## What to work on
Your task is to give the records again exactly. Leave each picture out.

## Data provided
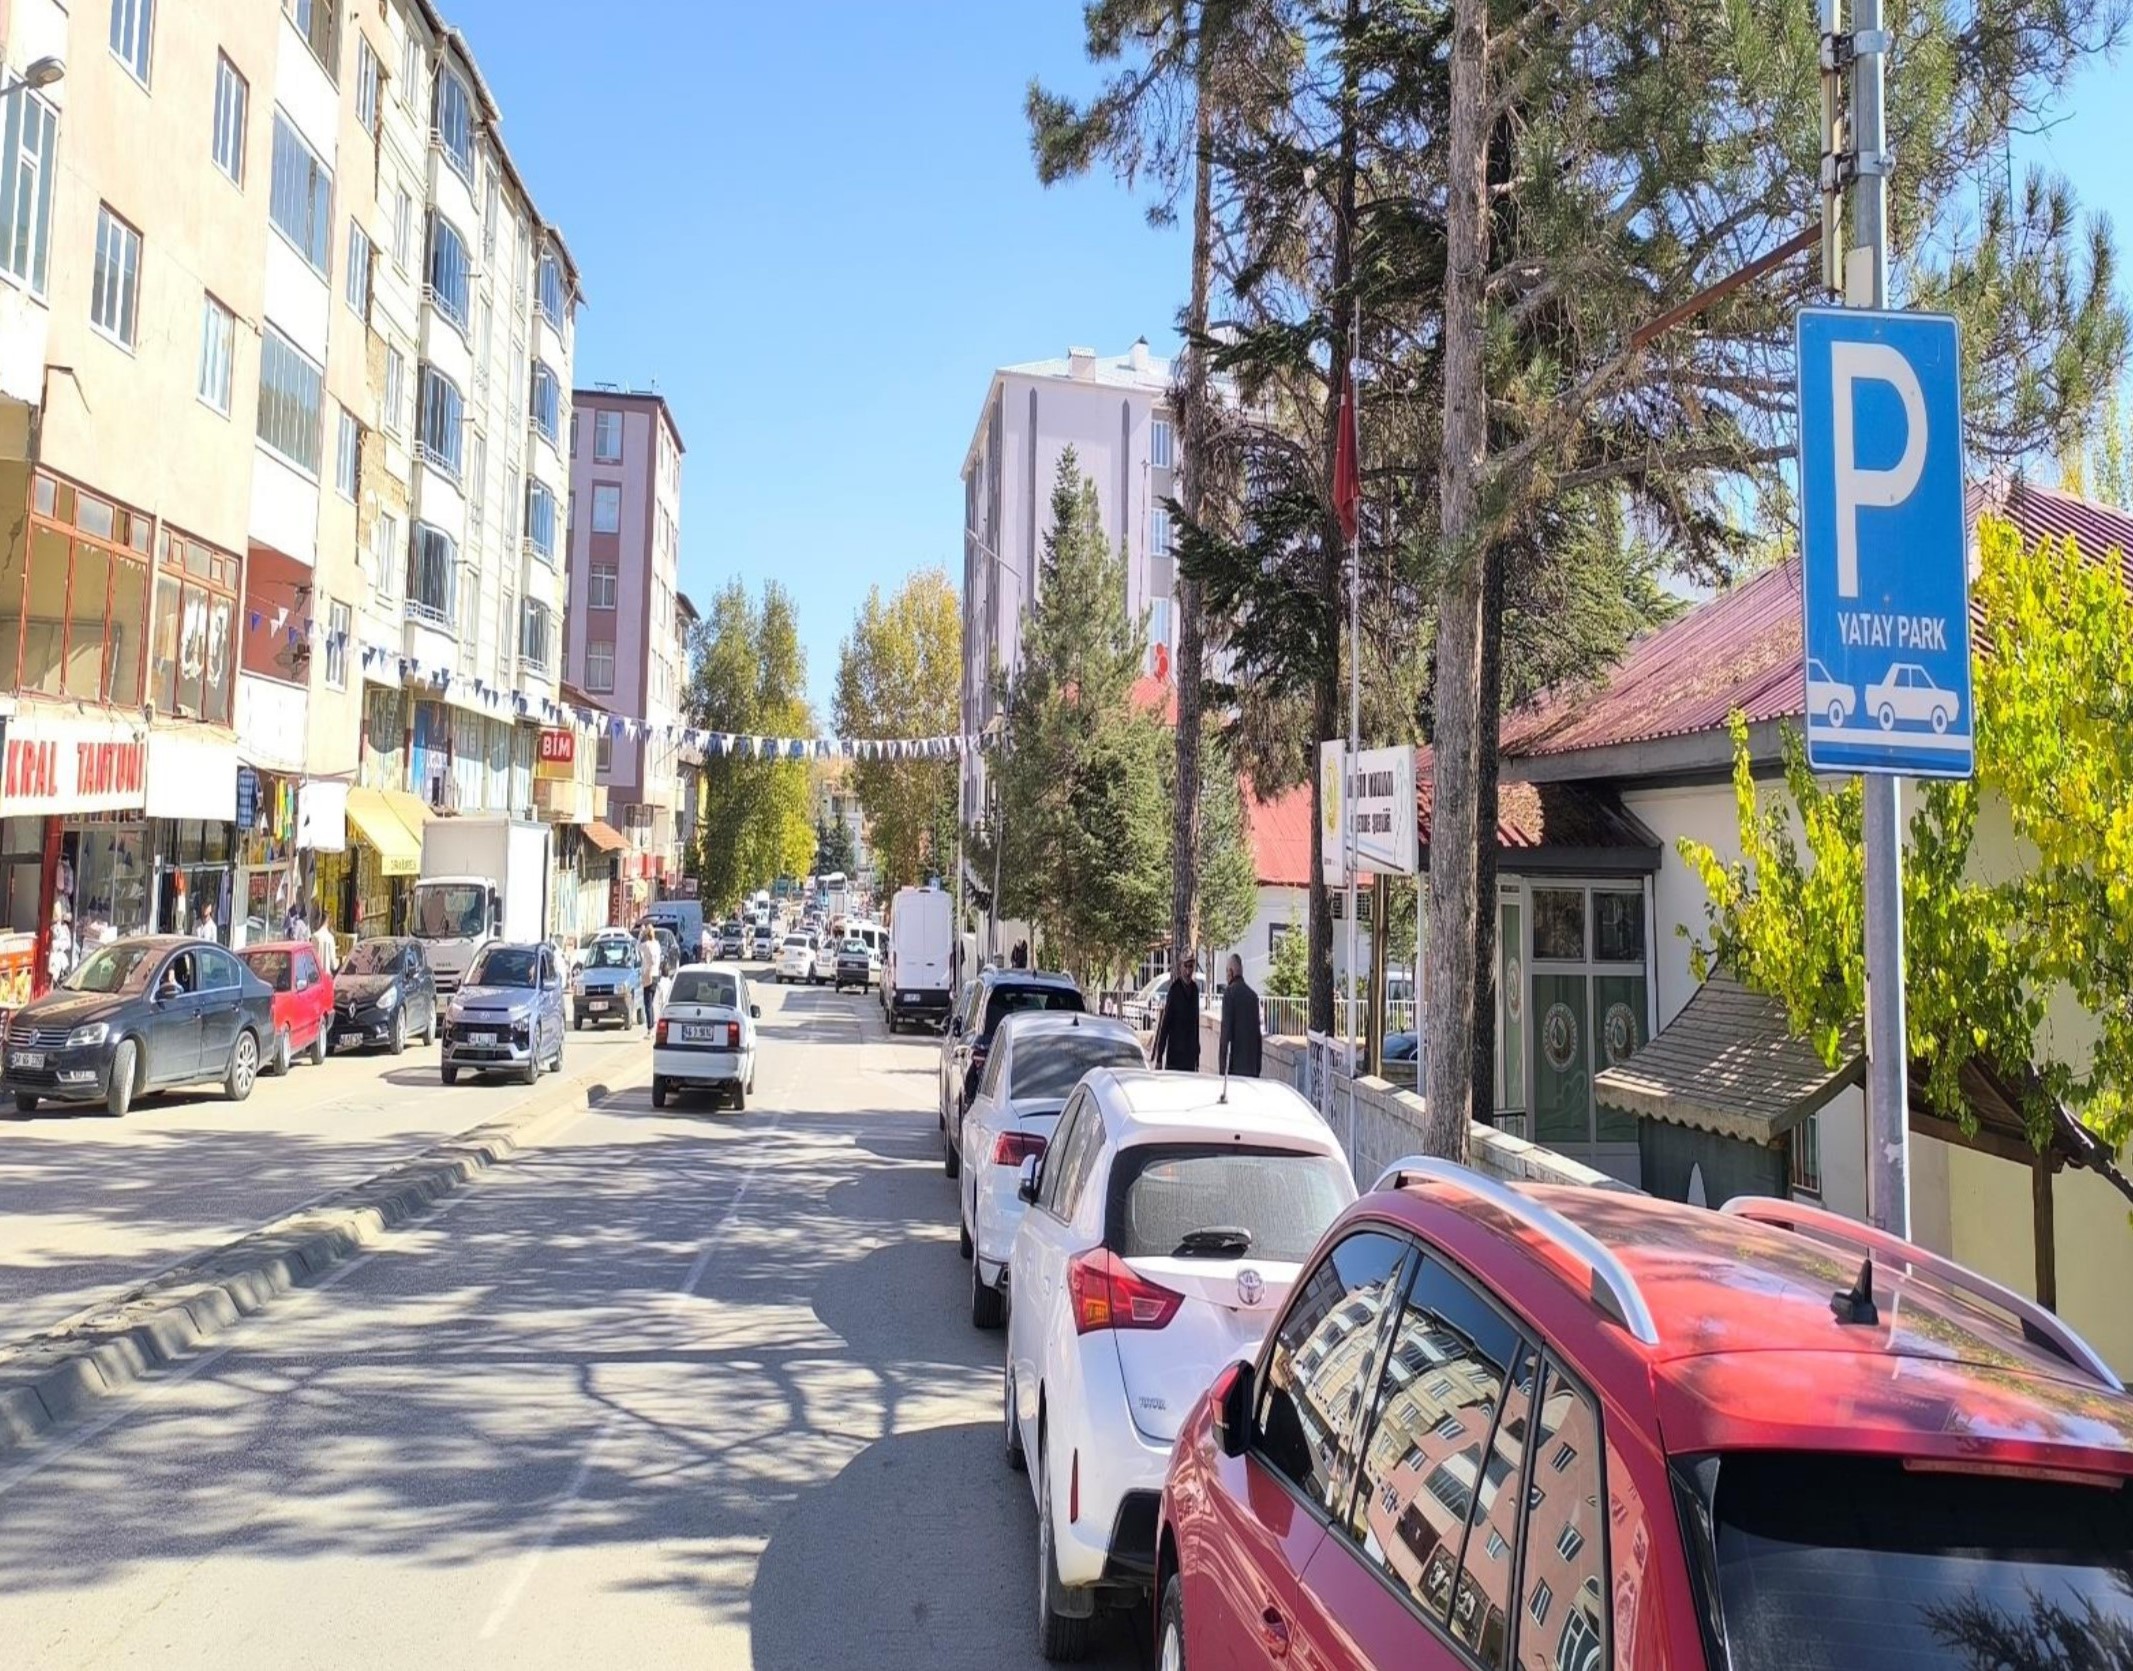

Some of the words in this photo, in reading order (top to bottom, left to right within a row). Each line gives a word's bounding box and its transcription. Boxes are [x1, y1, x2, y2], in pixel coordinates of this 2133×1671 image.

[1831, 341, 1929, 598] P
[1837, 611, 1894, 648] YATAY
[1897, 615, 1947, 651] PARK
[5, 739, 57, 798] KRAL
[542, 731, 571, 757] BİM

## Completed exercise
Some of the words in this photo, in reading order (top to bottom, left to right within a row). Each line gives a word's bounding box and its transcription. Boxes are [x1, y1, x2, y2], in pixel coordinates of this 2133×1671 image.

[1831, 341, 1929, 598] P
[1837, 611, 1894, 648] YATAY
[1897, 615, 1947, 651] PARK
[5, 739, 57, 798] KRAL
[542, 731, 571, 757] BİM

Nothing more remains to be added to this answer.